WHAT IS NEEDED
Word for word, retype each record shown below.

RECORD EXCERPTS
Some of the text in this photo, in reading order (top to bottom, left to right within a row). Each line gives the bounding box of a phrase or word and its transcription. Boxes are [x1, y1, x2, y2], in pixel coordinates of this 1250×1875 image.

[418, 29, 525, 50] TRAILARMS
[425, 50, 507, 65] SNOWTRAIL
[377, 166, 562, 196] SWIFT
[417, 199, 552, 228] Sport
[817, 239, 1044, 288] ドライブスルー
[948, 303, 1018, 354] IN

OUTPUT BELOW
Some of the text in this photo, in reading order (top to bottom, left to right within a row). Each line gives the bounding box of a phrase or word and its transcription. Boxes are [x1, y1, x2, y2], in pixel coordinates of this 1250×1875 image.

[418, 29, 525, 50] TRAILARMS
[425, 50, 507, 65] SNOWTRAIL
[377, 166, 562, 196] SWIFT
[417, 199, 552, 228] Sport
[817, 239, 1044, 288] ドライブスルー
[948, 303, 1018, 354] IN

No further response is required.